杏乃さん(@sakana32929)の『わたしの隣のヤンデレくん』は、転職してきたイケメン社員が実はストーカーだったという衝撃の設定から始まる純愛コメディだ。小学館の新人コミック大賞を受賞してデビューした杏乃さんは、読み切りやコミカライズなど幅広く活躍する人気漫画家である。
異常なほど重い愛



主人公が家を出ればすぐに声をかけ、社内のどこにいても現れる男性社員・岸くん。スケジュールを把握しているかのような彼の行動は、一見するとホラーだが、実は体調を気遣う優しさに満ちている。「午前中のため息がいつもの1.7倍多かった」と指摘するほど、彼の観察眼は鋭い。この異様なまでの献身の理由は、3年前の冬に起きた出来事に隠されている。
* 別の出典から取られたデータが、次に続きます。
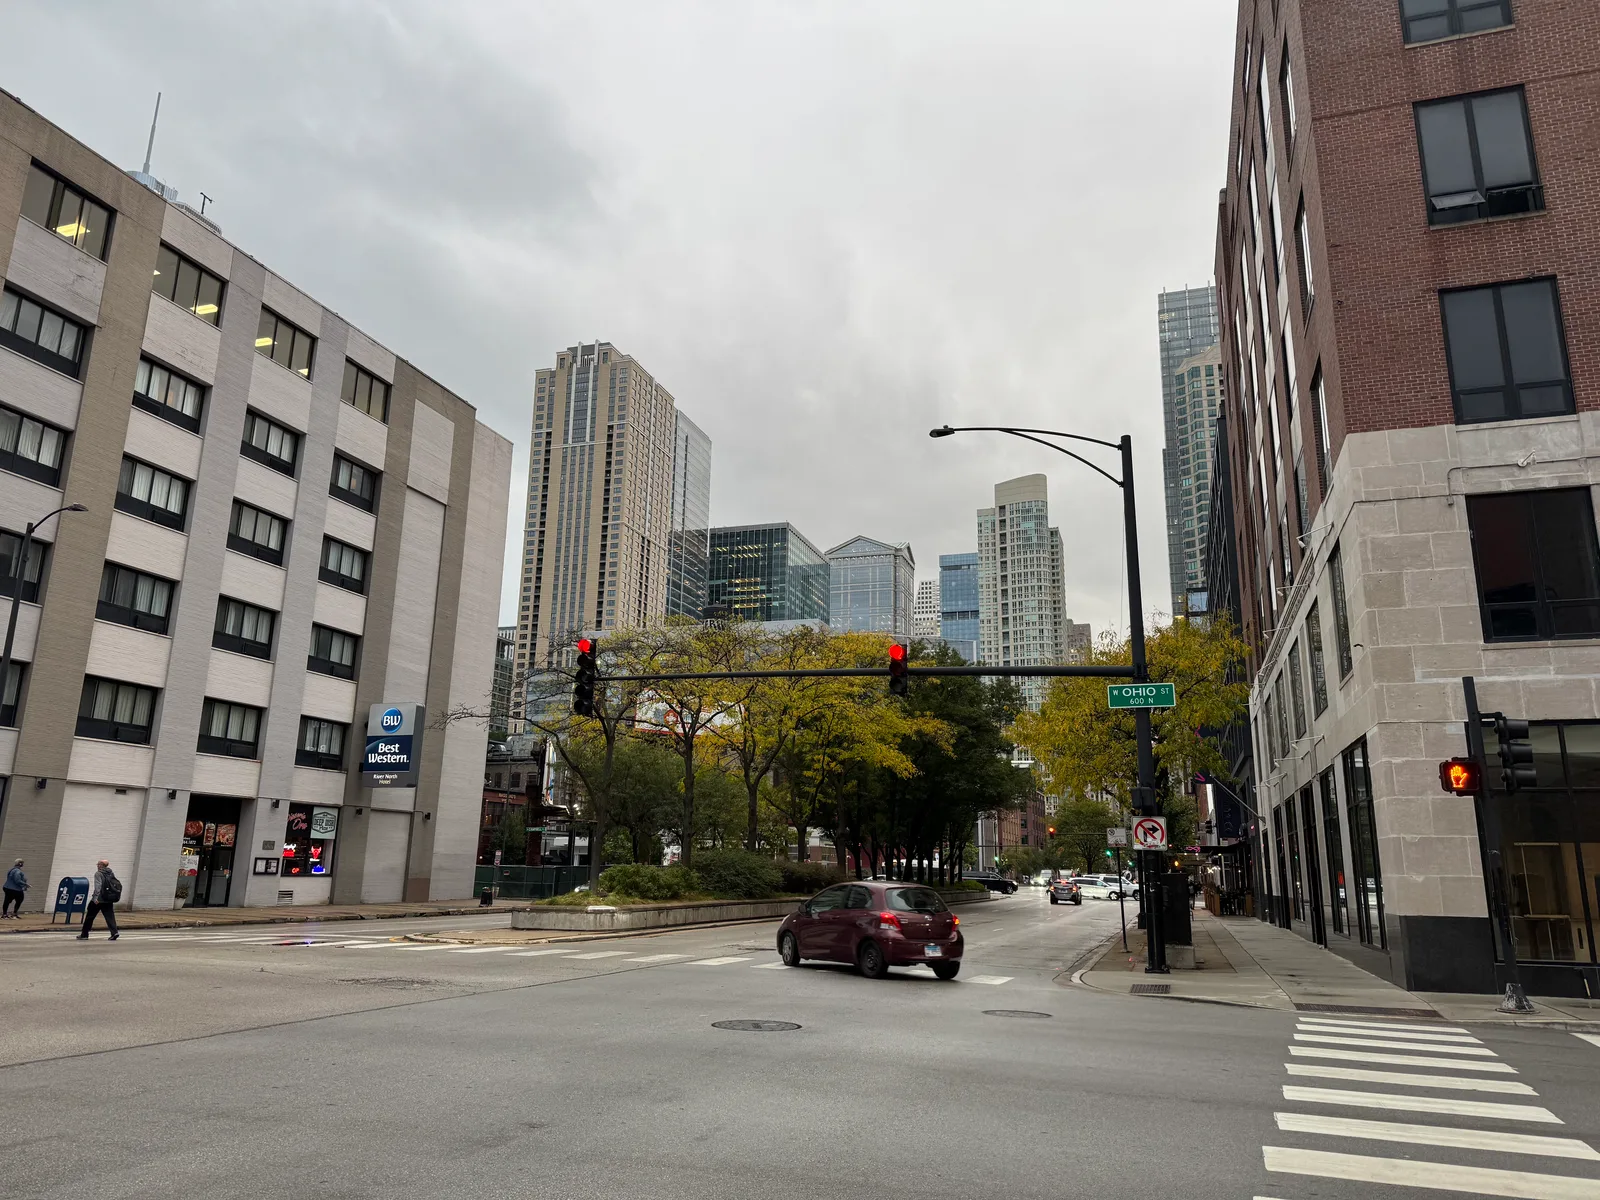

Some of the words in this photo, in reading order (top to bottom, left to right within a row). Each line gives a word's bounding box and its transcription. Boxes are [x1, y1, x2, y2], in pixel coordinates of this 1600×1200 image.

作者の杏乃さんは、岸くんのキャラ設定について、見た目をまともなイケメンにすることにこだわったという。周囲から見ればストーカーにしか見えない行動も、本人にその自覚は全くない。すべては愛が重すぎるゆえの行動なのだ。杏乃さんは、ガチガチのストーカーではなく、好きな女性の幸せを願うあまりにおかしな行動をとってしまう不器用な男の物語として読んでほしいと語っている。